YOUR OBJECTIVE: Make an exact copy of the records, leaving out the images.

PROVIDED MATERIAL:
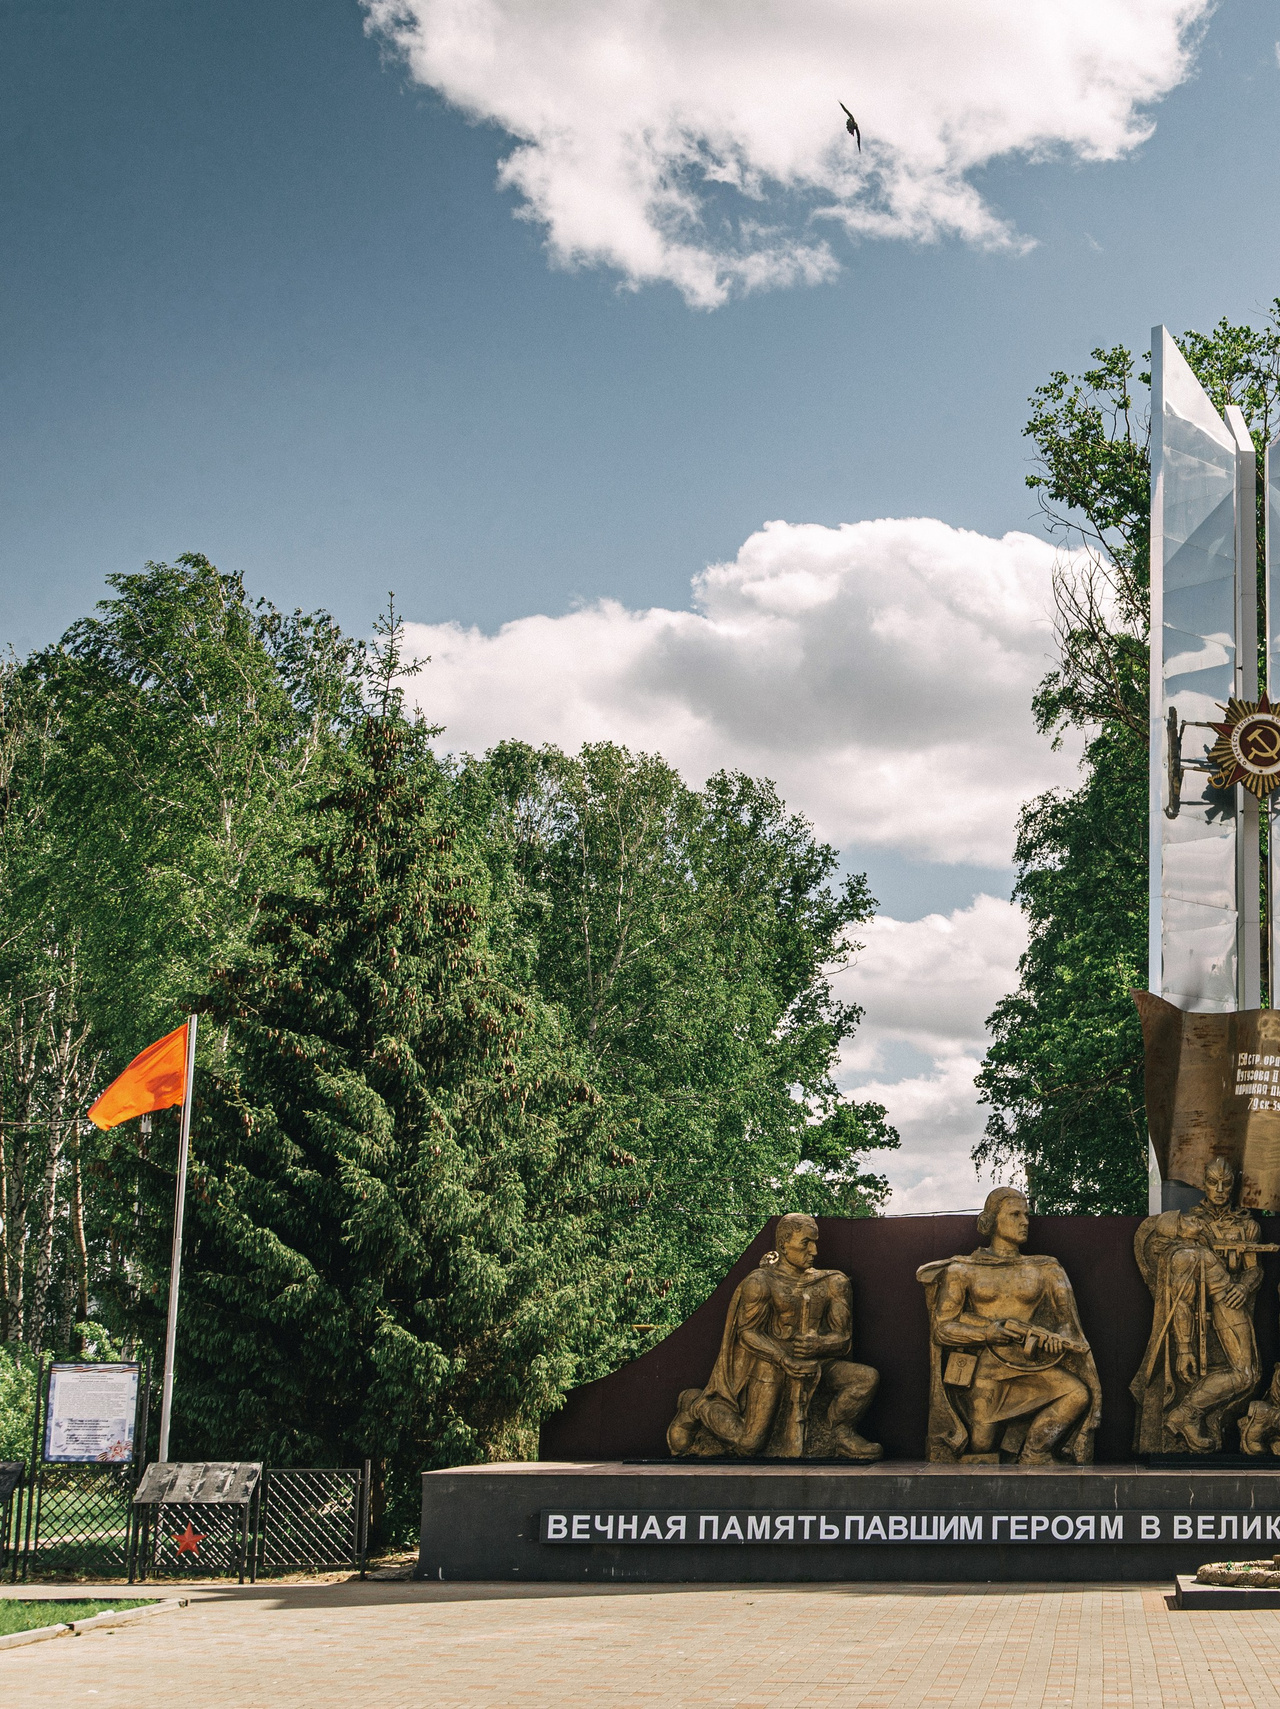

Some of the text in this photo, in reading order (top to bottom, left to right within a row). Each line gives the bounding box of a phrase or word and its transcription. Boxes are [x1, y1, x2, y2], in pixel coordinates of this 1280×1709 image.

[548, 1515, 686, 1539] ВЕЧНАЯ
[699, 1516, 839, 1540] ПАМЯТЬ
[845, 1516, 982, 1540] ПАВШИМ
[992, 1516, 1123, 1540] ГЕРОЯМ
[1141, 1516, 1160, 1539] В

WRITTEN ANSWER:
Some of the text in this photo, in reading order (top to bottom, left to right within a row). Each line gives the bounding box of a phrase or word and its transcription. Boxes are [x1, y1, x2, y2], in pixel coordinates of this 1280×1709 image.

[548, 1515, 686, 1539] ВЕЧНАЯ
[699, 1516, 839, 1540] ПАМЯТЬ
[845, 1516, 982, 1540] ПАВШИМ
[992, 1516, 1123, 1540] ГЕРОЯМ
[1141, 1516, 1160, 1539] В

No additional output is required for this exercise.